### EXERCISE OBJECTIVE
The records below must be output exactly, with no images carried over.

(Recorded data)
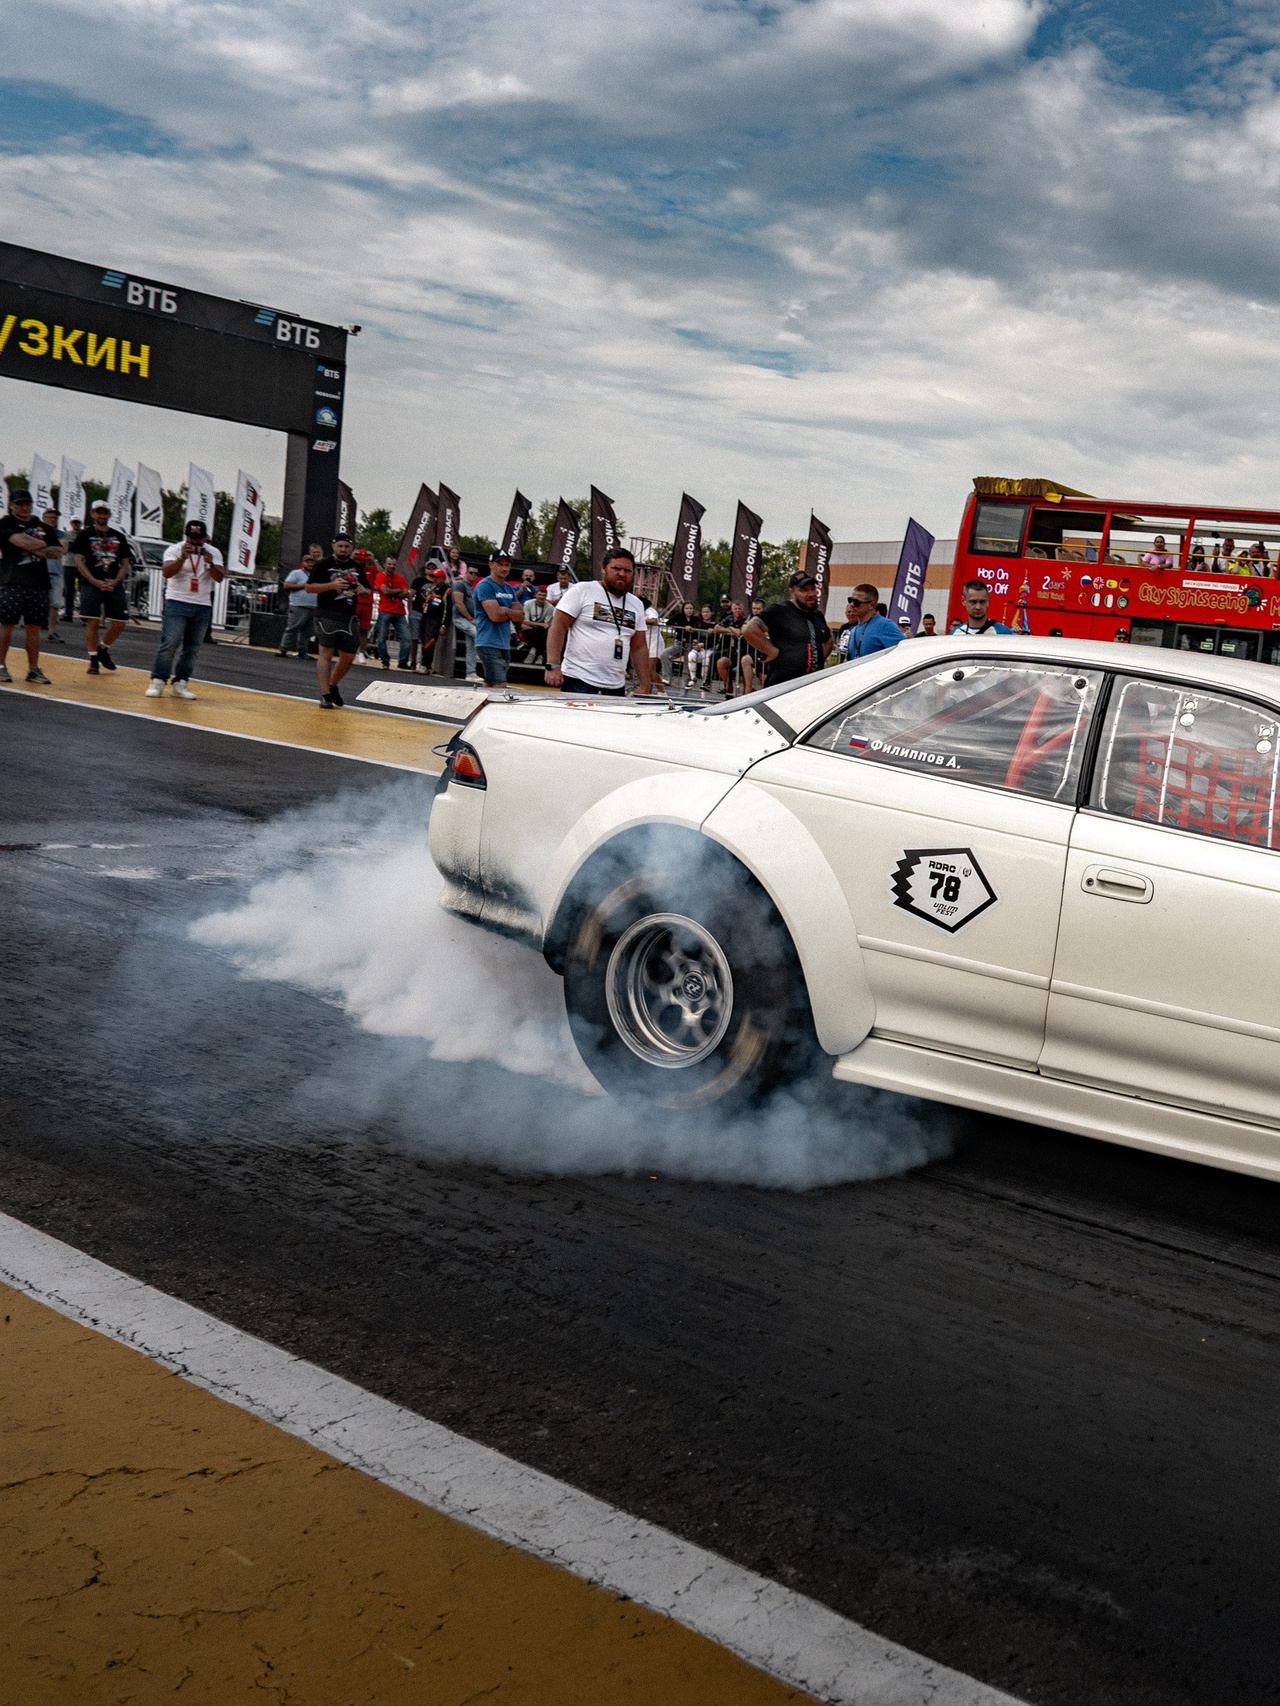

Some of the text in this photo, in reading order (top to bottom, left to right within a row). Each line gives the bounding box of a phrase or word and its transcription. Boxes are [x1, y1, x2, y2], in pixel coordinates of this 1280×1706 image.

[126, 280, 178, 314] ВТБ
[275, 318, 321, 349] ВТБ
[323, 368, 340, 379] ВТБ
[197, 493, 208, 521] НОЛИТ
[562, 530, 576, 565] GONKI
[683, 524, 699, 581] ROSGONKI
[745, 537, 758, 596] ROSGONKI
[815, 545, 827, 603] OSGONKI
[903, 562, 922, 600] ВТБ
[977, 567, 1009, 580] Hop On
[994, 582, 1009, 595] Off
[1138, 583, 1250, 613] City Sightseeing
[870, 740, 962, 769] Филиппов А.
[929, 860, 956, 873] RDRC
[929, 871, 962, 903] 78
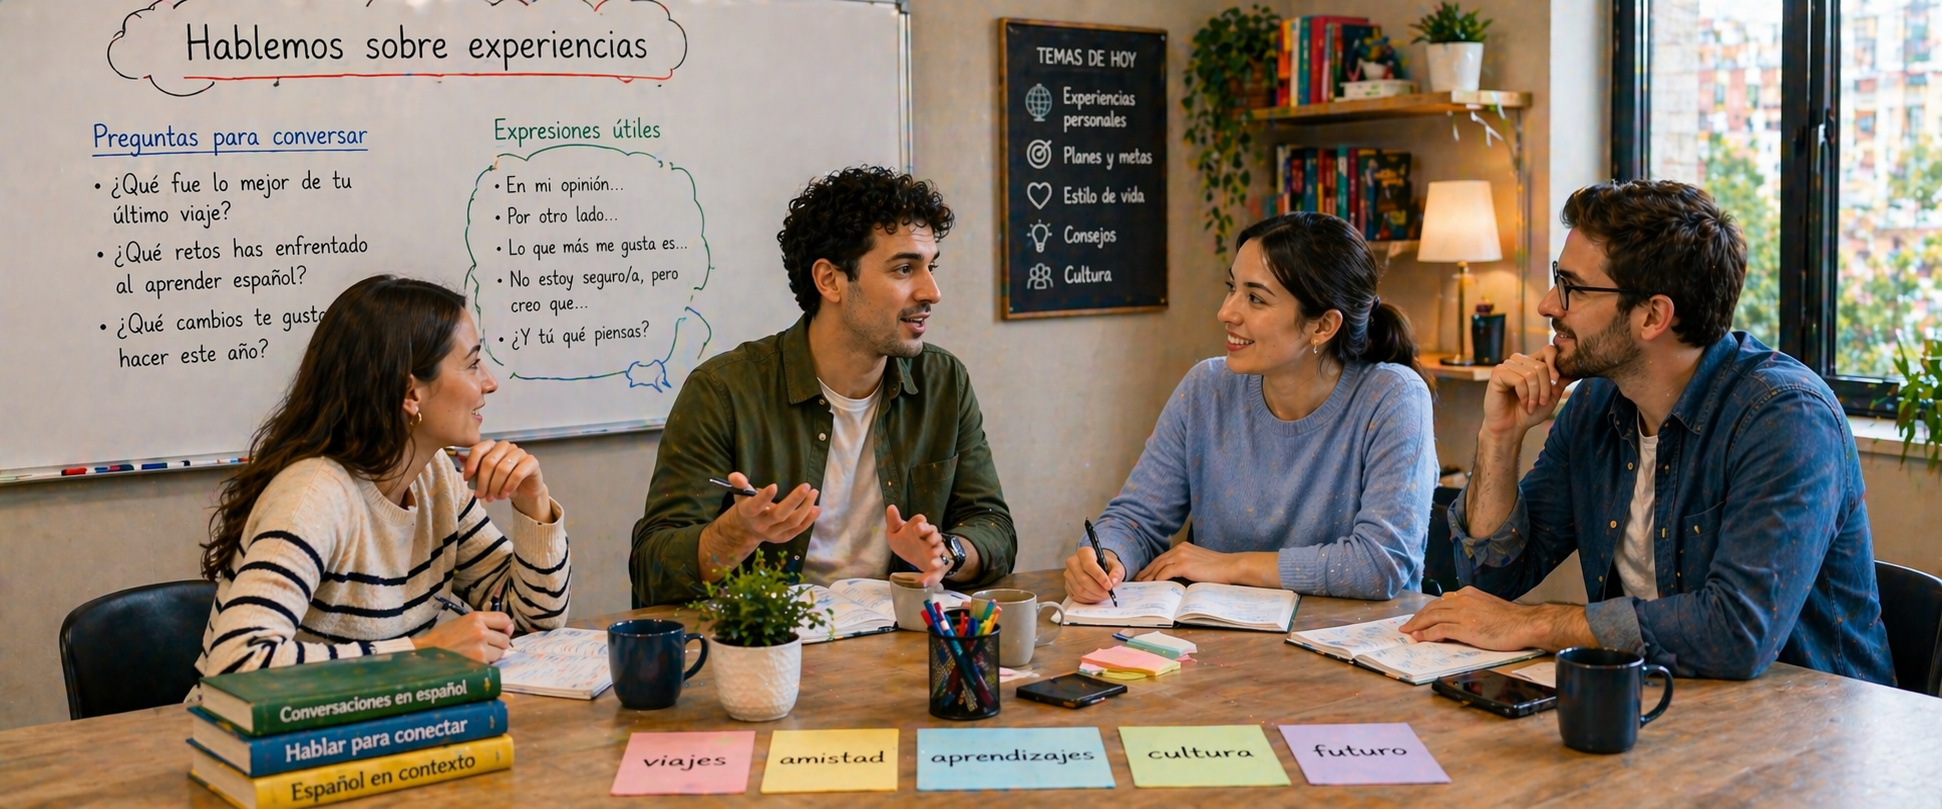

### ANSWER SPACE
Some of the text in this photo, in reading order (top to bottom, left to right within a row). Each line gives the bounding box of a phrase or word and its transcription. Boxes are [x1, y1, x2, y2], in pixel coordinates of this 1280×1706 image.

[126, 280, 178, 314] ВТБ
[275, 318, 321, 349] ВТБ
[323, 368, 340, 379] ВТБ
[197, 493, 208, 521] НОЛИТ
[562, 530, 576, 565] GONKI
[683, 524, 699, 581] ROSGONKI
[745, 537, 758, 596] ROSGONKI
[815, 545, 827, 603] OSGONKI
[903, 562, 922, 600] ВТБ
[977, 567, 1009, 580] Hop On
[994, 582, 1009, 595] Off
[1138, 583, 1250, 613] City Sightseeing
[870, 740, 962, 769] Филиппов А.
[929, 860, 956, 873] RDRC
[929, 871, 962, 903] 78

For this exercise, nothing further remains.